But a year later François Hollande's future advisor was cleared by the court of appeal. One reason given was that the court judged that the original court summons could not have reached Lamdaoui because he had moved address. Another reason was that Faouzi Lamdaoui had only been a manager and a shareholder at Starter for a few months. Despite the problems that were already apparent at the company, this fact had not been taken into account in the original proceedings, the court of appeal said.

“In conclusion, there is no justification for a personal punishment in relation to M. Lamdaoui,” stated the court of appeal on December 17th, 1999. From that date the socialist activist would never appear officially as the manager of the limited companies that he created and of which he was the director of logistics or director of technical affairs and sales. “M. Lamdaoui brings in business; he never deals with the management side,” says his lawyer Ardavan Amir-Aslani. “If [the company's] business turns bad or is run by amateurs, M. Lamdaou has nothing to do with that.”

Hollande's 'partner in crime'

The police investigators are also interested in Alpha, a company created in 2008 which ceased trading on June 30th, 2012 and which was ultimately wound down in March 2014. Lamdaoui was a shareholder and an employee.

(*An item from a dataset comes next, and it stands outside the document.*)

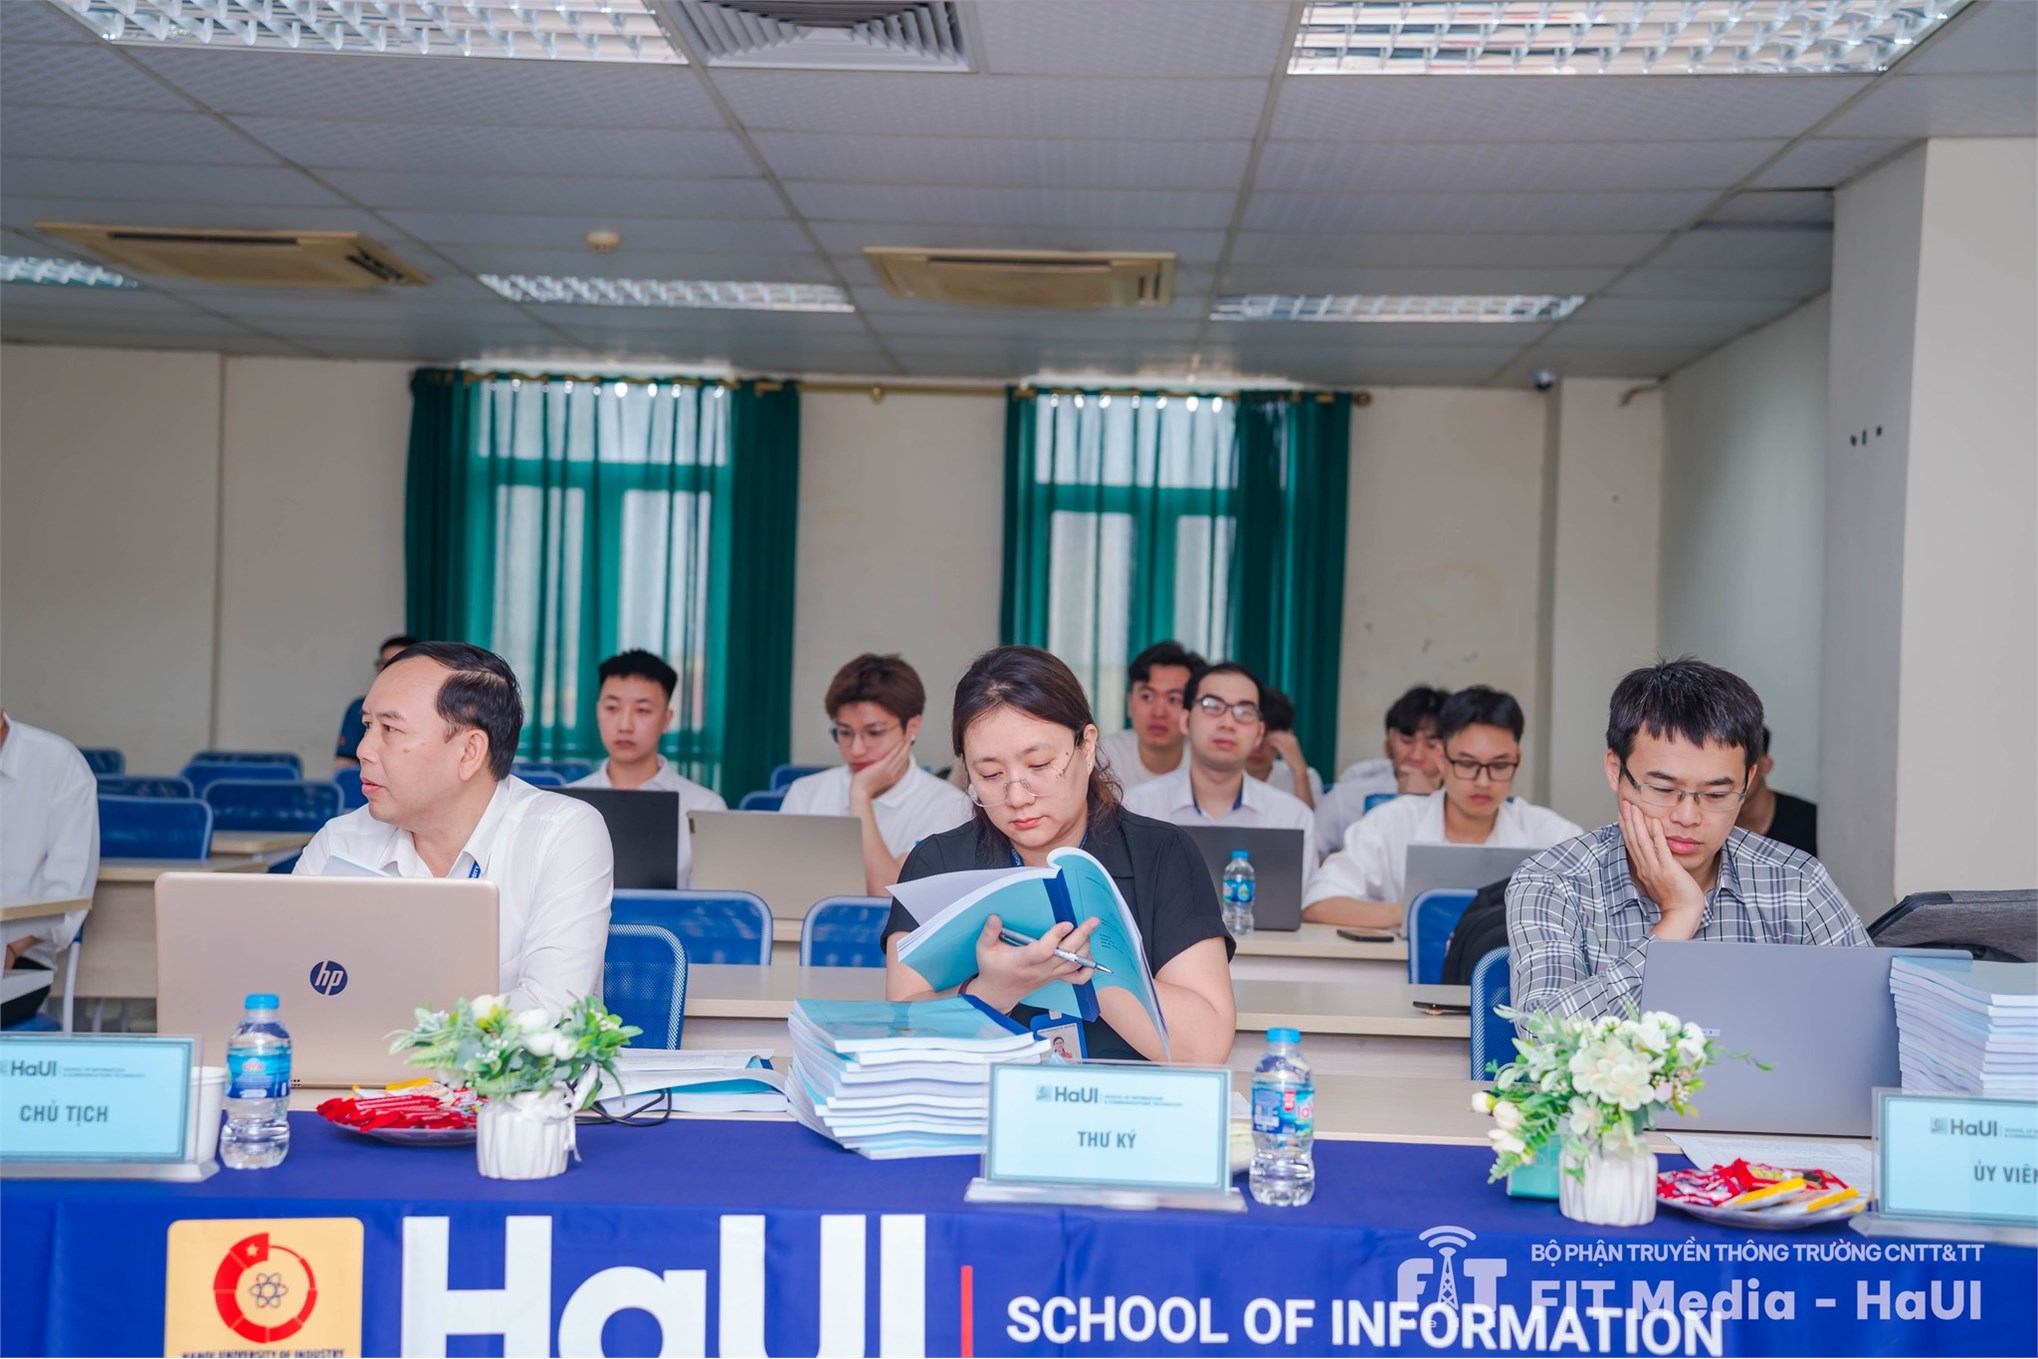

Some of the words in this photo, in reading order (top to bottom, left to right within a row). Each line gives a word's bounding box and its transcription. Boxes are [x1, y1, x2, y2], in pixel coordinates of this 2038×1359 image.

During its existence this limited company changed its name - to Cronoservice - and also its registered address, its shareholders and even its functions. Lamdaoui continued to be its shareholder and one of its executives until December 31st, 2011. In the previous year, 2010, the company only had two declared members of staff and a substantial turnover of 390,000 euros. This was on the back of a particularly impressive 2009 when it turned over 610,100 euros. These figures come from the only sets of accounts ever filed by the company. In the summer of 2011 Faouzi Lamdaoui's payslips showed him earning 6,700 euros a month gross as Cronoservice's 'logistics director'.

Illustration 3
François Hollande et Faouzi Lamdaoui © Facebook de Faouzi Lamdaoui

By 2011 Faouzi Lamdaoui was already heavily involved in François Hollande’s campaign in the Socialist Party's primary election to be the party's official presidential candidate. He was in charge of press relations, went on all trips and was permanently at the candidate's side. L'Express magazine wrote at the time: “Faouzi Lamdaoui is the candidate's shadow. It's he who goes to fetch him at his Parisian home in the morning. It's he who brings his suits, who looks after his appointments at the hairdresser, who books a motorbike taxi. 'A very efficient organiser,' says a grateful Hollande.” At the end of October 2011 Lamdaoui was named head of Hollande's private office for the presidential campaign itself. “He is always available,” noted the magazine. “How does he do it? Lamdaoui is a logistics engineer. Where? 'I'd prefer not to say, so I don't cause problems for my company',” he told L'Express.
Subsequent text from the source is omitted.